Stahnsdorf ist noch heute der 2. größte Friedhof in Deutschland, gehört zu den weltweit zehntgrößten, hat mehrere Gedenkfriedhöfe und wird nur noch zur Hälfte bewirtschaftet. Über den Rest wächst Kiefernwald.

Er wurde 1909 angelegt. Da gab es kein Groß-Berlin. Zu späterer Größe gelangte er, weil 4 Friedhöfe in der Innenstadt wegen der Wahnsinnsidee von Speer, aus Berlin die Hauptstadt von Germania zu machen, geschlossen wurden.

Auf ihm ist eine von zwei in Deutschland vorhandenen Stabkirchen (die andere im Harz). Es liegen dort viele berühmte Persönlichkeiten u.a. aus Politik (Breitscheid, Richthofen), Wirtschaft (Siemens), Kultur (Langenscheidt, Hanussen, Krebs – der nachweislich 60 ! Sprachen akzentfrei sprach und u.a. einer chinesischen Prinzessin Alt-Mandarin lehrte, damit sie standesgemäß heiraten konnte), Musik (Zille, Humperdinck), Kunst (Gropius, Corinth).

Er befindet sich auf dem Gebiet der ehem.
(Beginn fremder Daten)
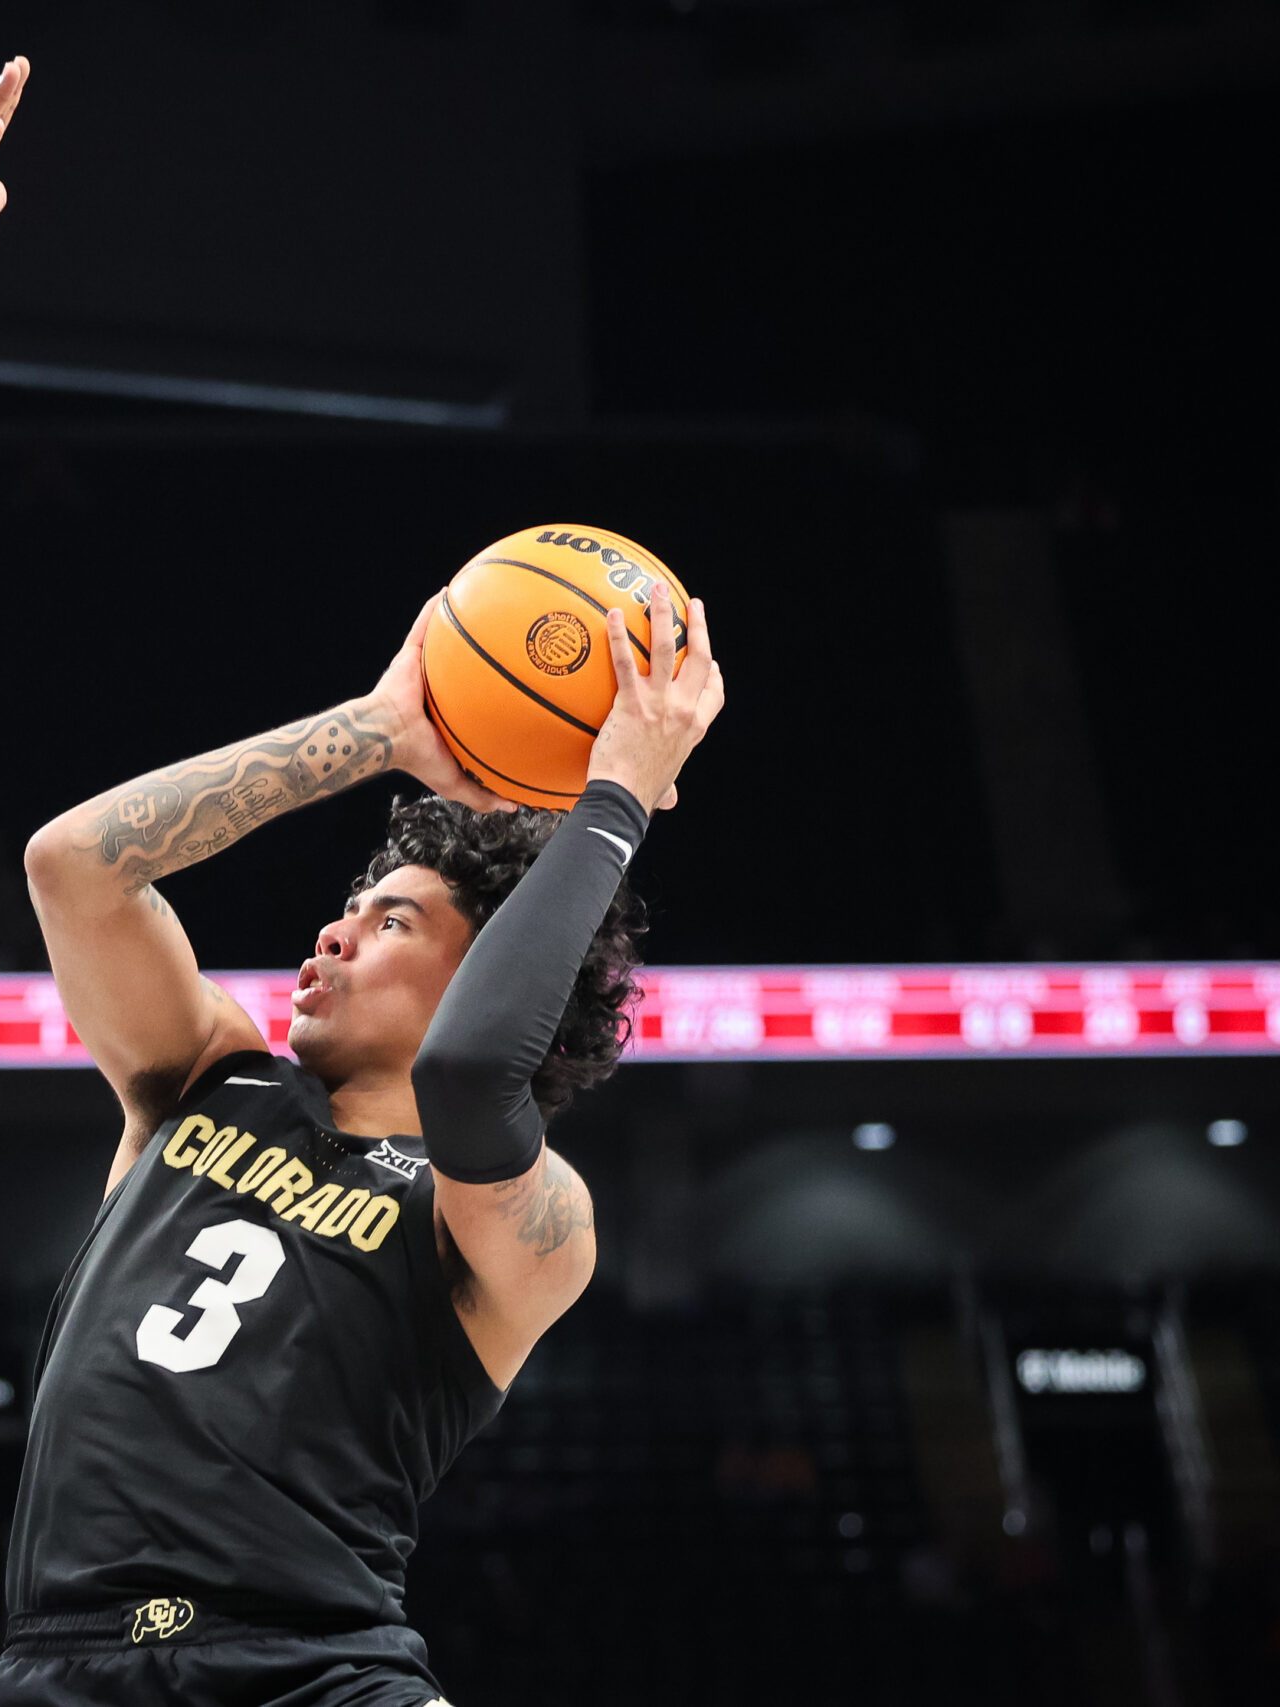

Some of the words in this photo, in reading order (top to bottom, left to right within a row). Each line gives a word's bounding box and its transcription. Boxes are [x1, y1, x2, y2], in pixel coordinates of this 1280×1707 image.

DDR. Deshalb war es nach 1961 unmöglich dorthin zu gelangen – und vorher unter großen Schwierigkeiten, nur am Bußtag und Totensonntag.

Mit der S-Bahn fuhr man bis Dreilinden oder Wannsee, von dort 5 km zu Fuß über Schienen, dabei den Teltowkanal auf einer bedrohlich schwankenden Fassbrücke querend, um im Stahnsdorfer Bahnhof seinen Genehmigungsschein (8 Wochen vorher beantragt) abstempeln zu lassen, dann weitere 5 km zur Grabstelle. Ich war damals um die 9 Jahre alt. Aber diese Erlebnisse haben sich so eingebrannt, dass ich aus Erinnerung einmal im Jahr diesen Friedhof und das Grab besuche.

Und da stand und steht sie noch - die Bank.

Grün, wirkte damals schon zerbrechlich, in der Nähe eines verfallenen Grabes, das - inzwischen kaum erkennbar - verwachsen unter Kuschelgestrüpp liegt.

2 können – nein konnten - auf ihr Platz nehmen. Menschen, die sich trösten, vielleicht Erinnerungen austauschen wollten, kamen aus der zerbombten, abgebrannten Innenstadt.

Die Bank hat in ihrer Jugend sicher keine Liebenden zugehört, keine Treueschwüre vernommen; sie hörte von Plünderungen, Ausgebombtsein, Vergewaltigungen, Verzweiflung, Hunger und immer wieder von Tod. Seit 80 Jahren im Wald versteckt, grazil in ihrer Jugend, von Jahr zu Jahr mehr zusammenfallend – sah sie Gräber ausgehoben, aufgeschüttet, verschwinden, zuwachsen, hat jede Art von Trauer mitgemacht.

Eine in die Jahre gekommene alte Dame, die bis heute allen Erinnerungen standhält.

(An diese Bank - im Bild -erinnerte ich mich, nachdem die charmante Exberlinerin Moana über eine Bank ihre Erlebnisse niedergeschrieben hat).